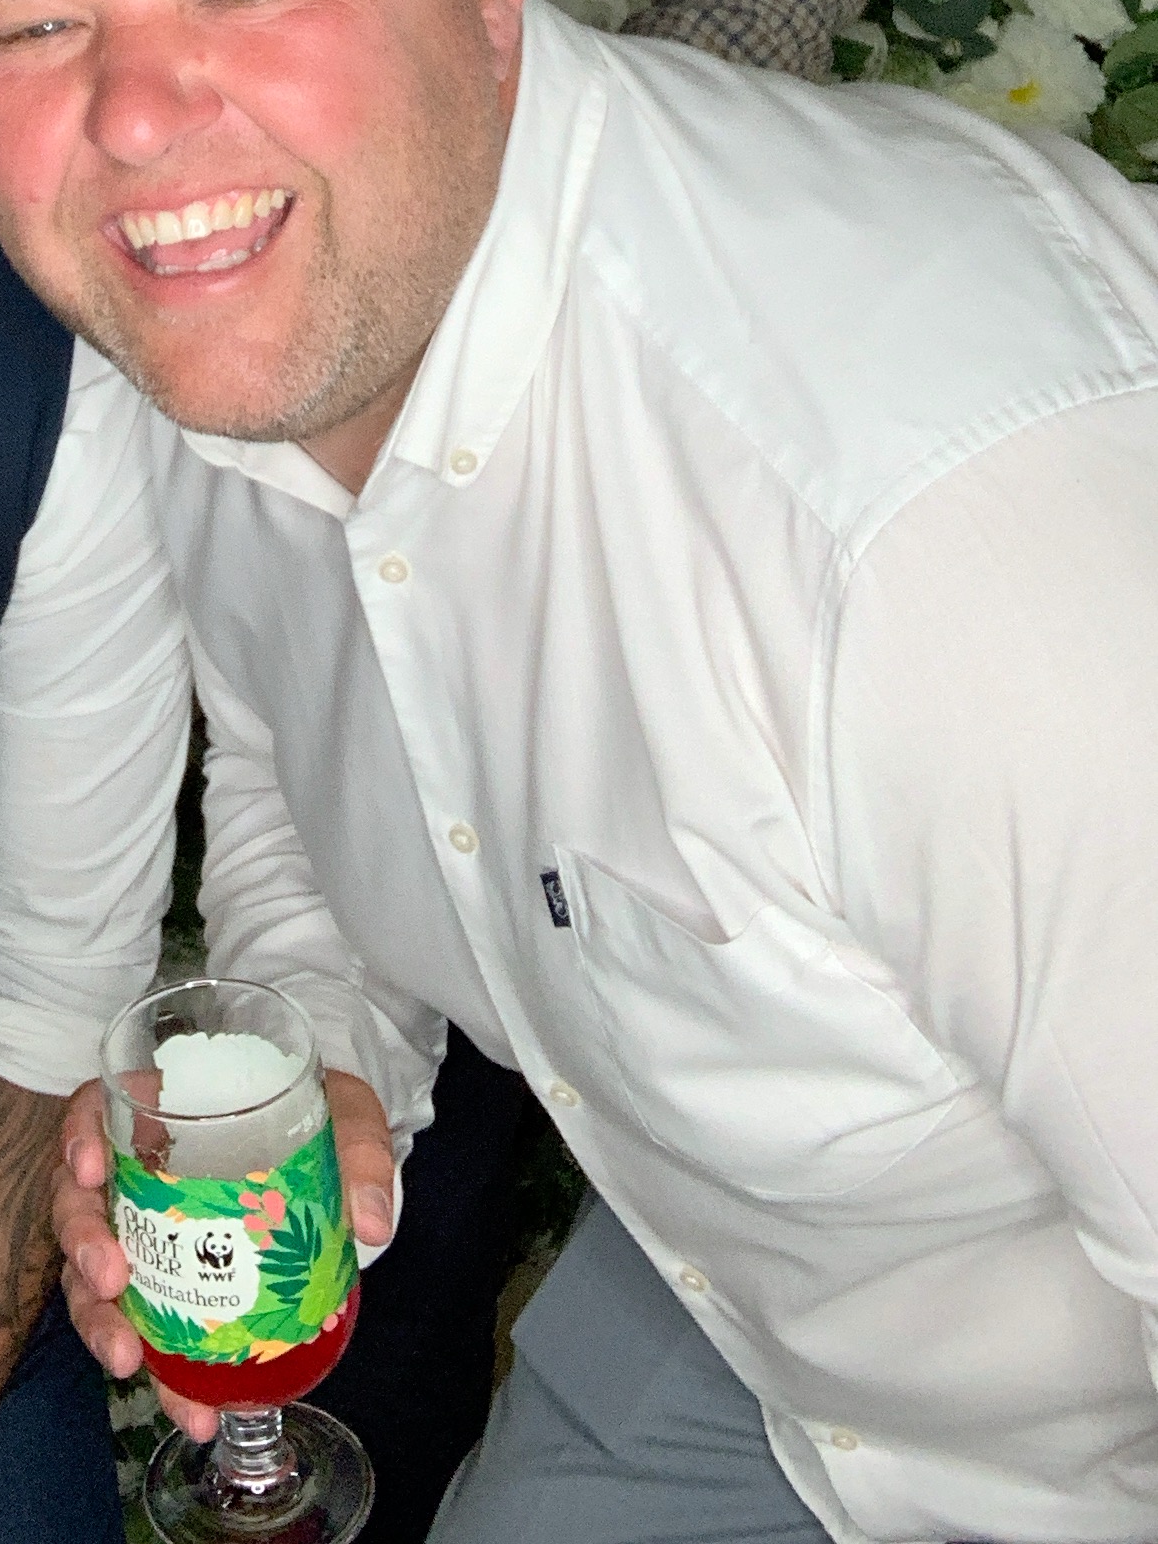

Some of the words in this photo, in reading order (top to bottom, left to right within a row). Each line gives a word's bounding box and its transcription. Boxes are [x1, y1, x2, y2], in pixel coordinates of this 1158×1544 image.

[123, 1205, 157, 1235] OLD
[124, 1235, 184, 1278] CIDER
[125, 1219, 184, 1259] MOUT
[197, 1270, 236, 1283] WWF
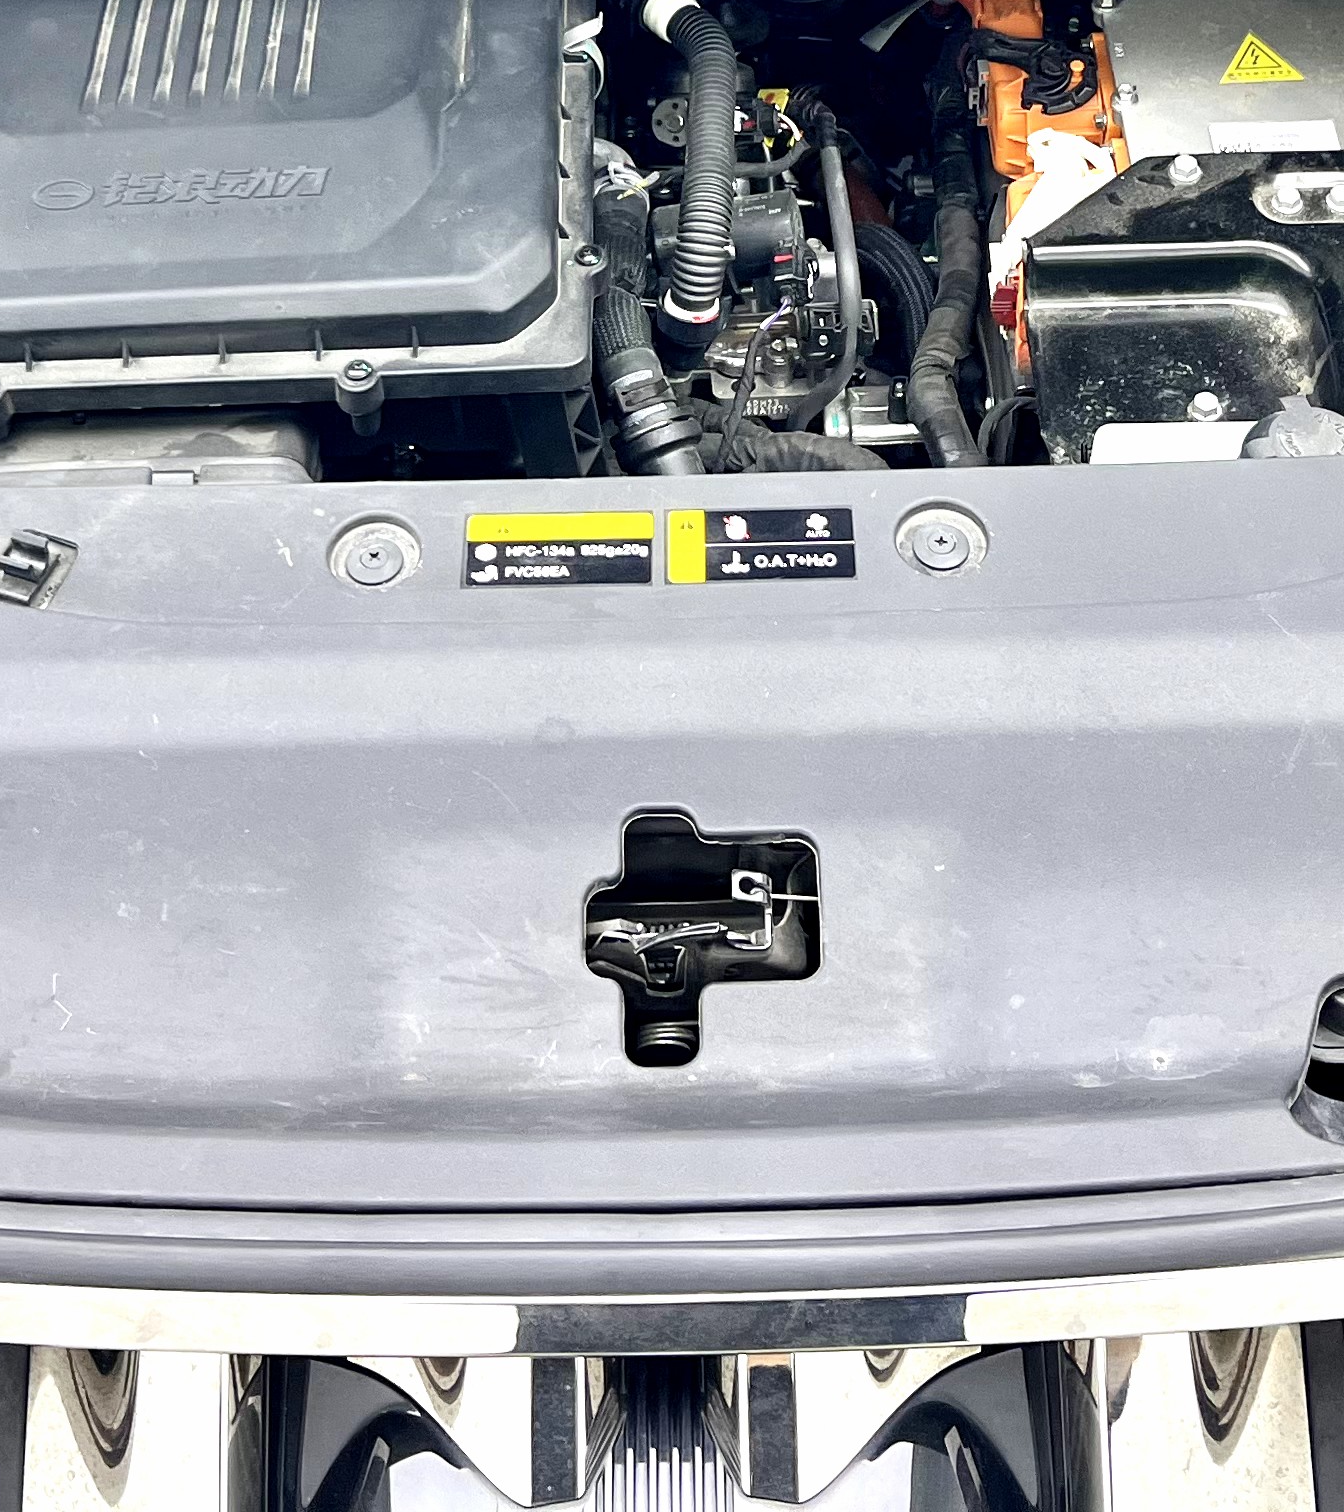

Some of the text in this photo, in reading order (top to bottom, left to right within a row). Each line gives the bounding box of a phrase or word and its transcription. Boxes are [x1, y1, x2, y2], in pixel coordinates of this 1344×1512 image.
----------------------------------------
With the pictures omitted, repeat the full set of records above exactly.

Some of the words in this photo, in reading order (top to bottom, left to right within a row). Each line gives a word's bounding box and its transcription. Boxes are [x1, y1, x2, y2], in pixel coordinates of this 1158×1544 image.

[123, 1205, 157, 1235] OLD
[124, 1235, 184, 1278] CIDER
[125, 1219, 184, 1259] MOUT
[197, 1270, 236, 1283] WWF

Some of the text in this photo, in reading order (top to bottom, left to right within a row). Each line gives the bounding box of a phrase or word and its transcription. Boxes are [x1, y1, x2, y2], in pixel coordinates of this 1344×1512 image.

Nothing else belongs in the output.